*EXERCISE REQUIREMENTS*
Please, could you print all the lines below exactly, leaving out the pictures?

*SUPPLIED ENTRIES*
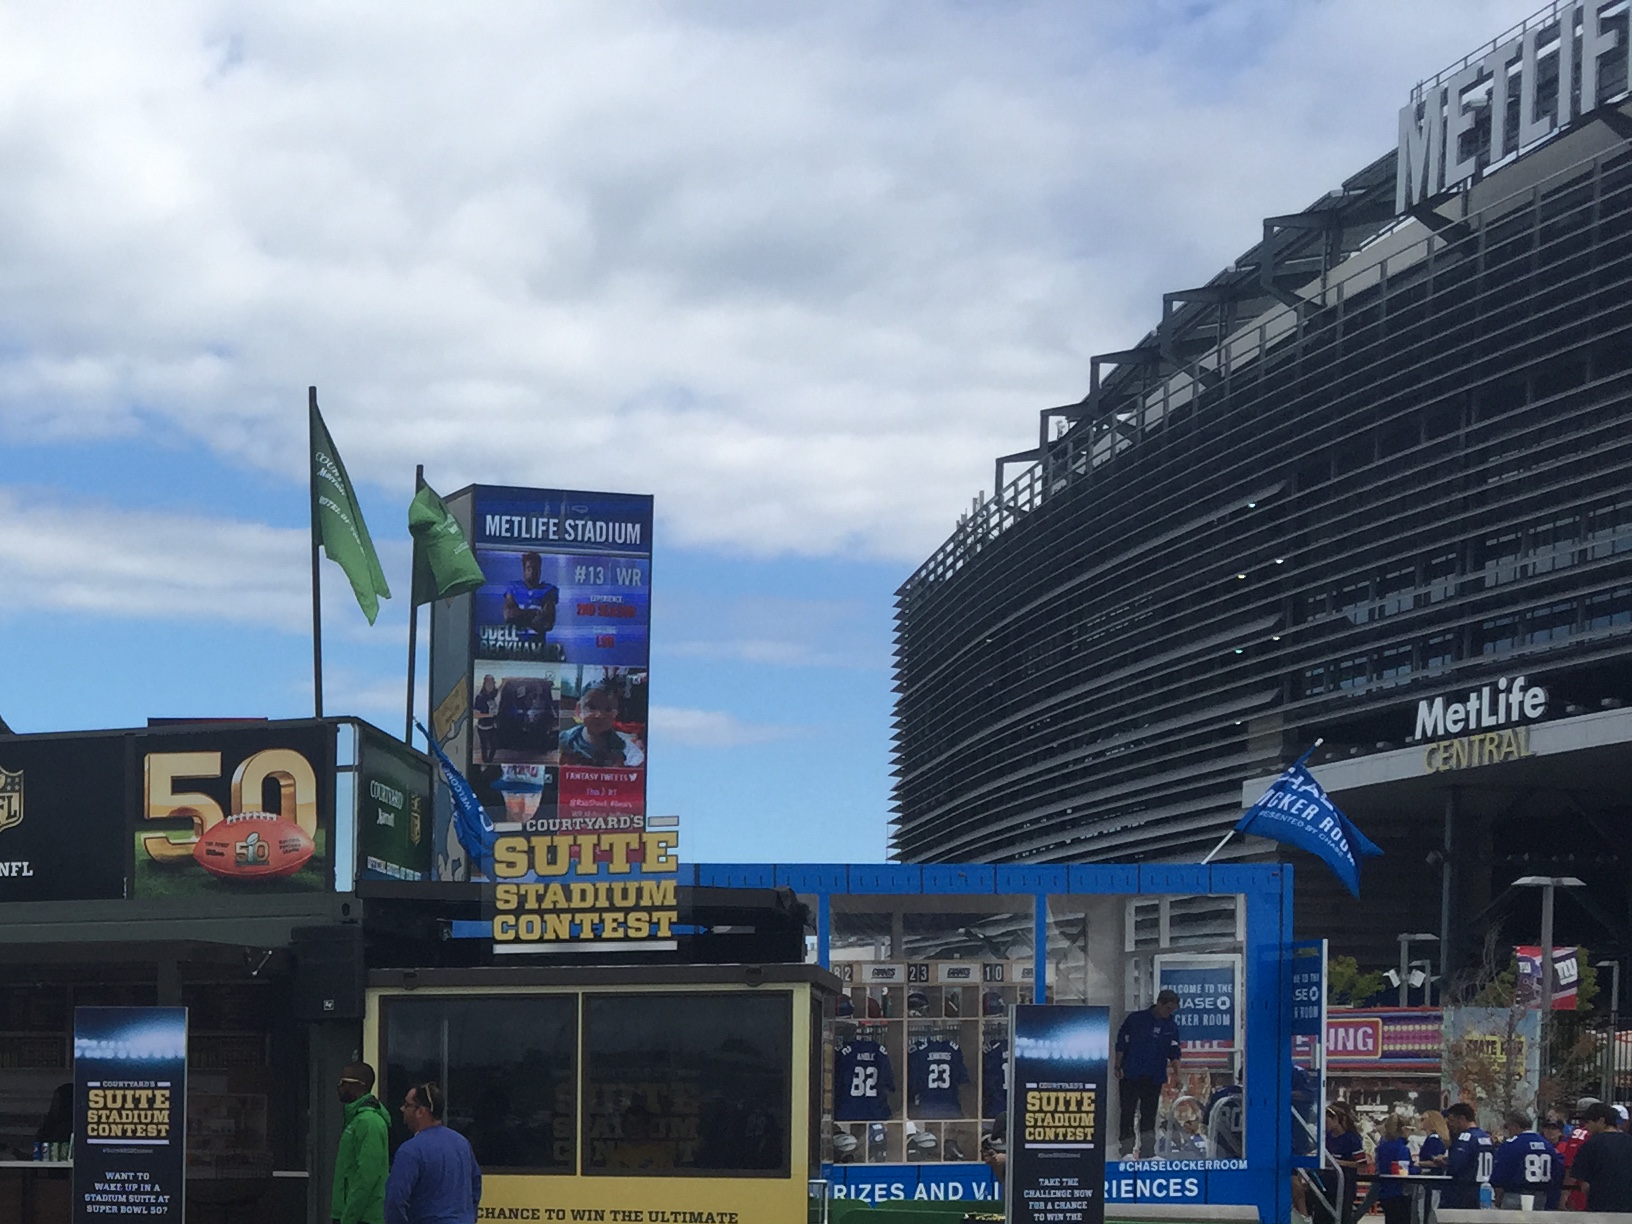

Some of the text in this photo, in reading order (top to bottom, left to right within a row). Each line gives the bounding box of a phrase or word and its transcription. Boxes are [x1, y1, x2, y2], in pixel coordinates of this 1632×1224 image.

[1395, 0, 1632, 216] METLIF
[486, 514, 559, 540] METLIFE
[565, 519, 641, 544] STADIUM
[575, 566, 642, 587] #13 WR
[1414, 676, 1548, 741] MetLife
[1423, 726, 1535, 775] CENTRAL
[141, 749, 317, 861] 50
[526, 815, 645, 832] COURTYARD'S
[493, 831, 679, 878] SUITE
[495, 878, 678, 911] STADIUM
[493, 910, 678, 941] CONTEST
[985, 963, 1003, 981] 10
[1179, 997, 1215, 1010] HASE
[1174, 1014, 1199, 1027] CKER
[1326, 1026, 1374, 1052] ING
[850, 1066, 879, 1098] 82
[928, 1063, 951, 1089] 23
[88, 1089, 171, 1109] SUITE
[1026, 1091, 1096, 1112] SUITE
[87, 1109, 170, 1123] STADIUM
[1025, 1112, 1095, 1126] STADIUM
[87, 1123, 170, 1137] CONTEST
[1025, 1127, 1095, 1141] CONTEST
[105, 1171, 150, 1181] WANT TO
[1119, 1159, 1249, 1173] #CHASELOCKERROOM
[1525, 1153, 1552, 1183] 80
[94, 1182, 161, 1192] WAKE UP IN A
[834, 1178, 1200, 1202] RIZES AND RIENCES
[84, 1193, 171, 1204] STADIUM SUITE AT
[86, 1204, 168, 1215] SUPER BOWL 50?
[476, 1207, 739, 1224] CHANCE TO WIN THE ULTIMATE
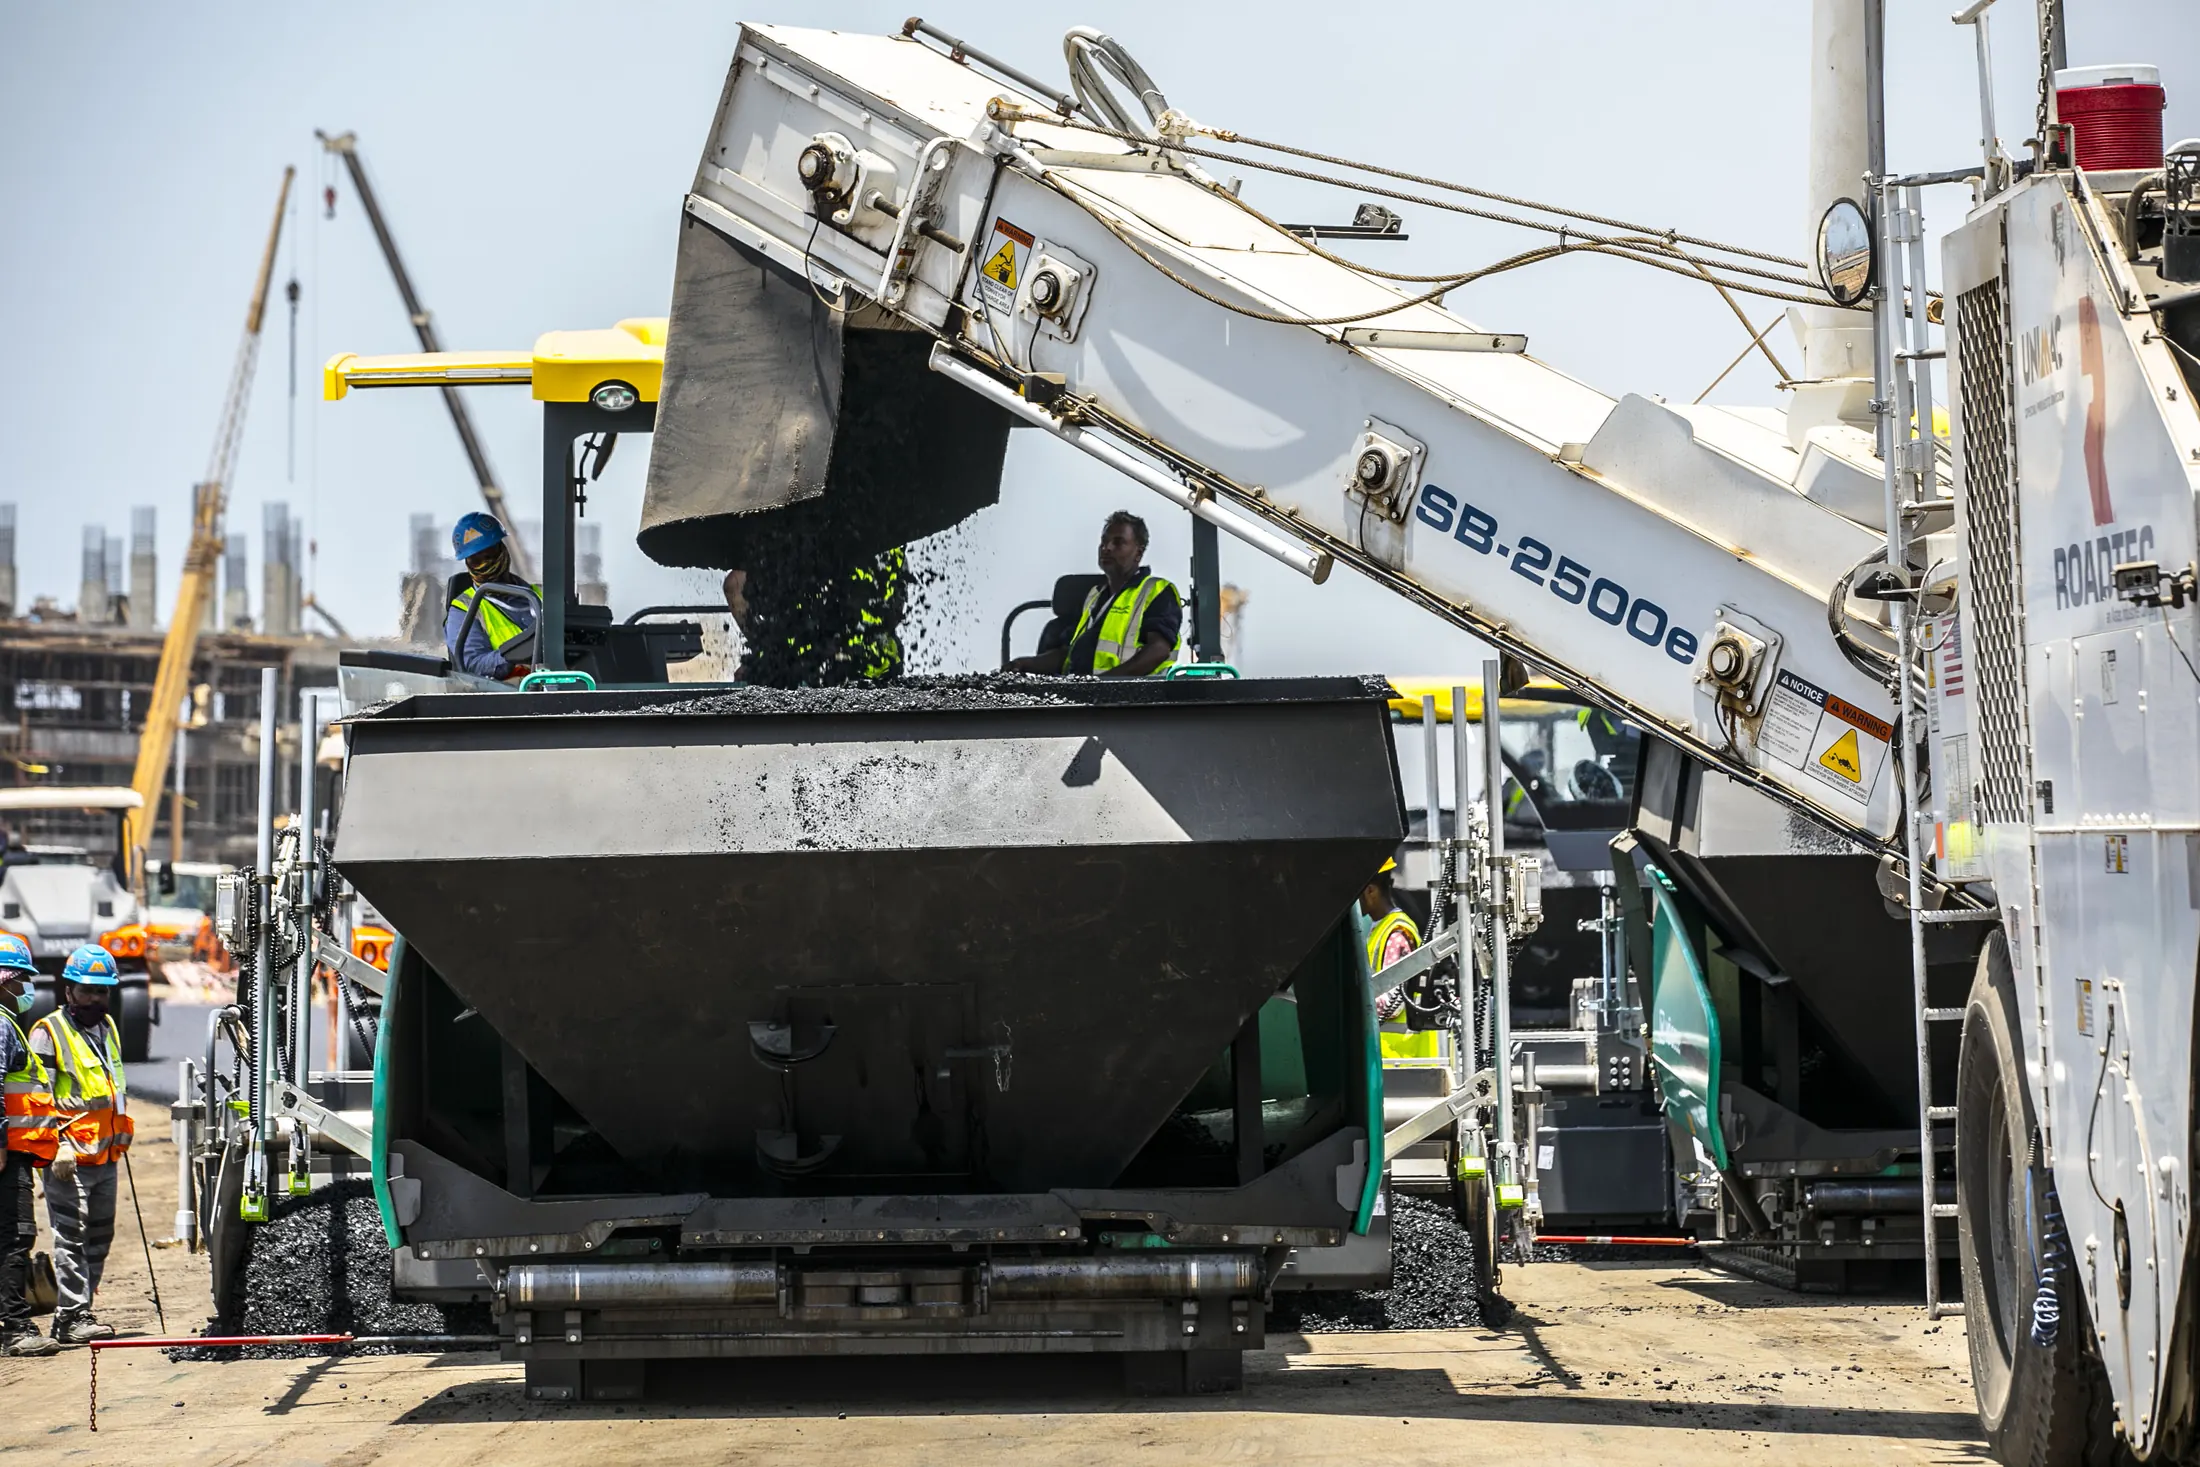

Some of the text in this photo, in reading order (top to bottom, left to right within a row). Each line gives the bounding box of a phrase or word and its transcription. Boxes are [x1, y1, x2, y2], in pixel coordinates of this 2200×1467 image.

[1003, 225, 1031, 245] WARNING
[981, 276, 994, 286] STAND
[993, 283, 1007, 294] CLEAR
[1416, 484, 1698, 665] SB-2500e
[1790, 678, 1824, 703] NOTICE
[1842, 704, 1888, 737] WARNING
[1823, 767, 1833, 776] MOVE
[1833, 773, 1849, 785] MACHINE
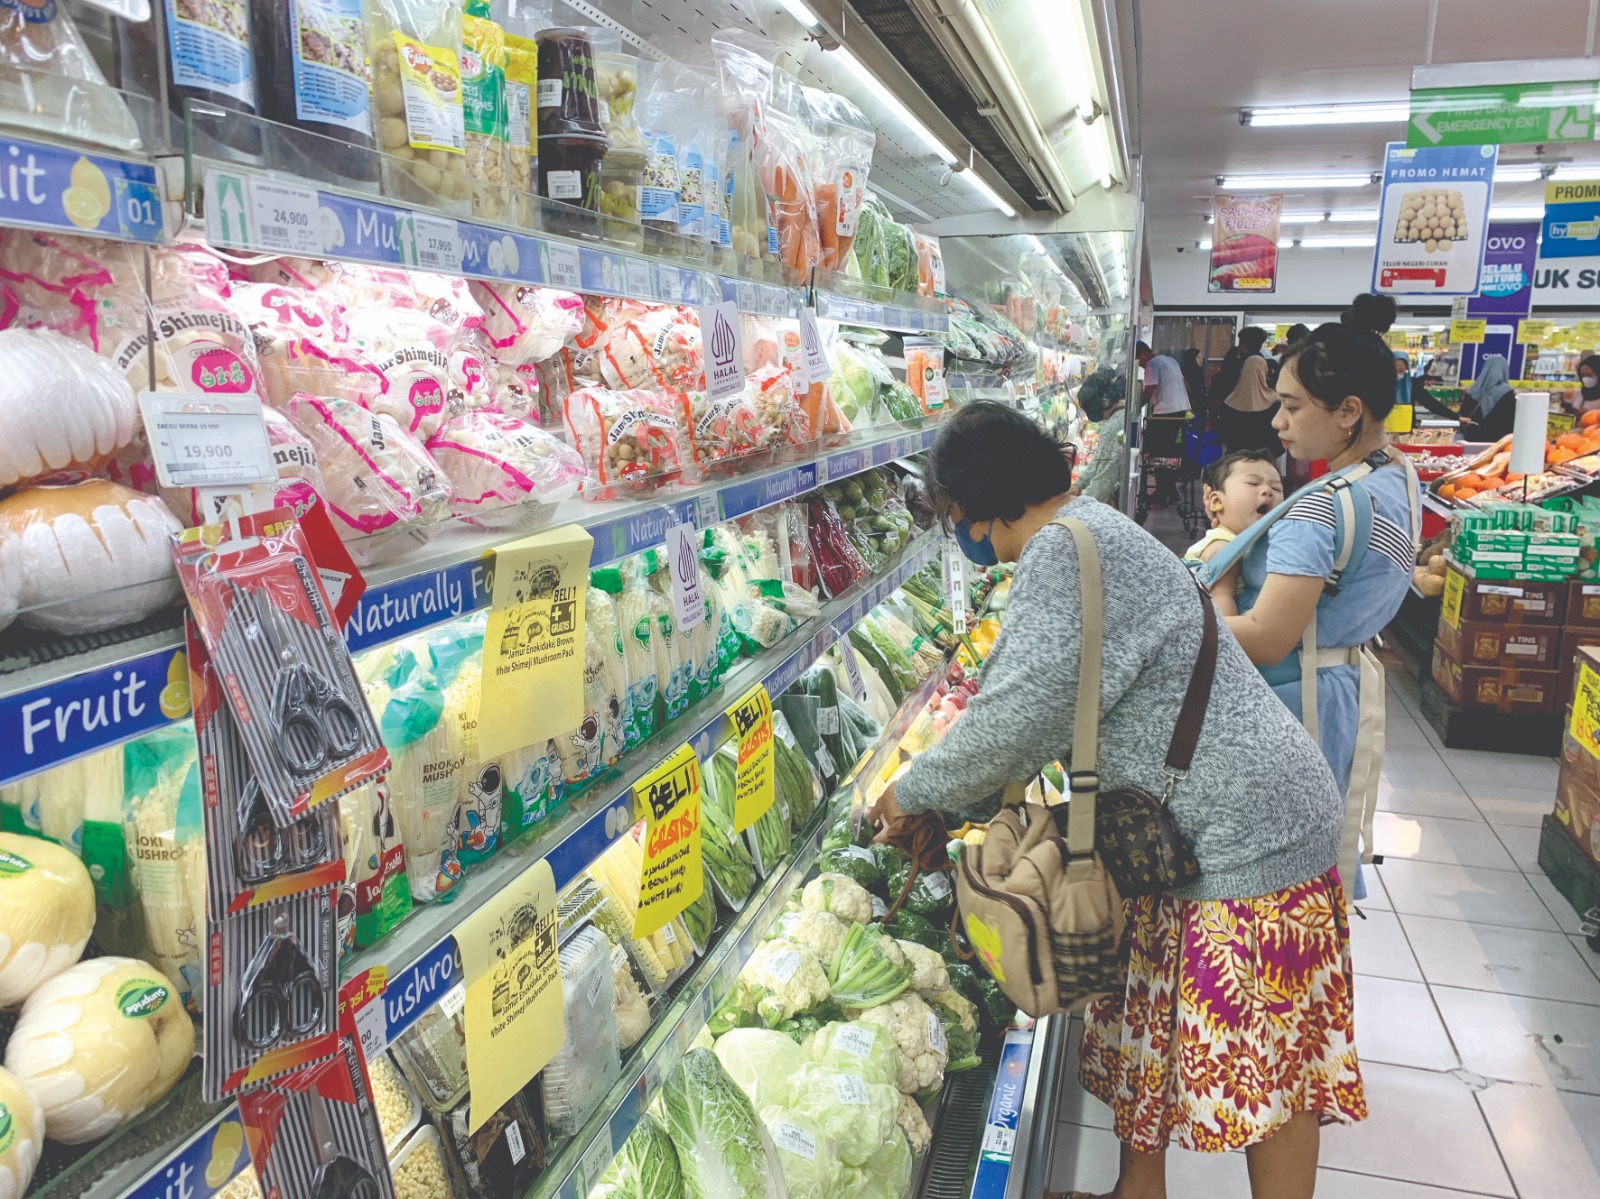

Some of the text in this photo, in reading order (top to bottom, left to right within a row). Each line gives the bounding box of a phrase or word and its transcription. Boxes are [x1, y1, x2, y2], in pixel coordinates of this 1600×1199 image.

*OUTPUT OF THE EXERCISE*
Some of the text in this photo, in reading order (top to bottom, left to right within a row). Each line gives the bounding box of a phrase or word and its transcription. Boxes are [x1, y1, x2, y2], in pixel coordinates of this 1632×1224 image.

[1395, 0, 1632, 216] METLIF
[486, 514, 559, 540] METLIFE
[565, 519, 641, 544] STADIUM
[575, 566, 642, 587] #13 WR
[1414, 676, 1548, 741] MetLife
[1423, 726, 1535, 775] CENTRAL
[141, 749, 317, 861] 50
[526, 815, 645, 832] COURTYARD'S
[493, 831, 679, 878] SUITE
[495, 878, 678, 911] STADIUM
[493, 910, 678, 941] CONTEST
[985, 963, 1003, 981] 10
[1179, 997, 1215, 1010] HASE
[1174, 1014, 1199, 1027] CKER
[1326, 1026, 1374, 1052] ING
[850, 1066, 879, 1098] 82
[928, 1063, 951, 1089] 23
[88, 1089, 171, 1109] SUITE
[1026, 1091, 1096, 1112] SUITE
[87, 1109, 170, 1123] STADIUM
[1025, 1112, 1095, 1126] STADIUM
[87, 1123, 170, 1137] CONTEST
[1025, 1127, 1095, 1141] CONTEST
[105, 1171, 150, 1181] WANT TO
[1119, 1159, 1249, 1173] #CHASELOCKERROOM
[1525, 1153, 1552, 1183] 80
[94, 1182, 161, 1192] WAKE UP IN A
[834, 1178, 1200, 1202] RIZES AND RIENCES
[84, 1193, 171, 1204] STADIUM SUITE AT
[86, 1204, 168, 1215] SUPER BOWL 50?
[476, 1207, 739, 1224] CHANCE TO WIN THE ULTIMATE

Some of the text in this photo, in reading order (top to bottom, left to right within a row). Each line gives the bounding box of a phrase or word and its transcription. Boxes are [x1, y1, x2, y2], in pixel coordinates of this 2200×1467 image.

[1003, 225, 1031, 245] WARNING
[981, 276, 994, 286] STAND
[993, 283, 1007, 294] CLEAR
[1416, 484, 1698, 665] SB-2500e
[1790, 678, 1824, 703] NOTICE
[1842, 704, 1888, 737] WARNING
[1823, 767, 1833, 776] MOVE
[1833, 773, 1849, 785] MACHINE

Some of the text in this photo, in reading order (top to bottom, left to right within a row). Each line gives the bounding box of a phrase or word and its transcription. Boxes are [x1, y1, x2, y2], in pixel coordinates of this 1600×1199 image.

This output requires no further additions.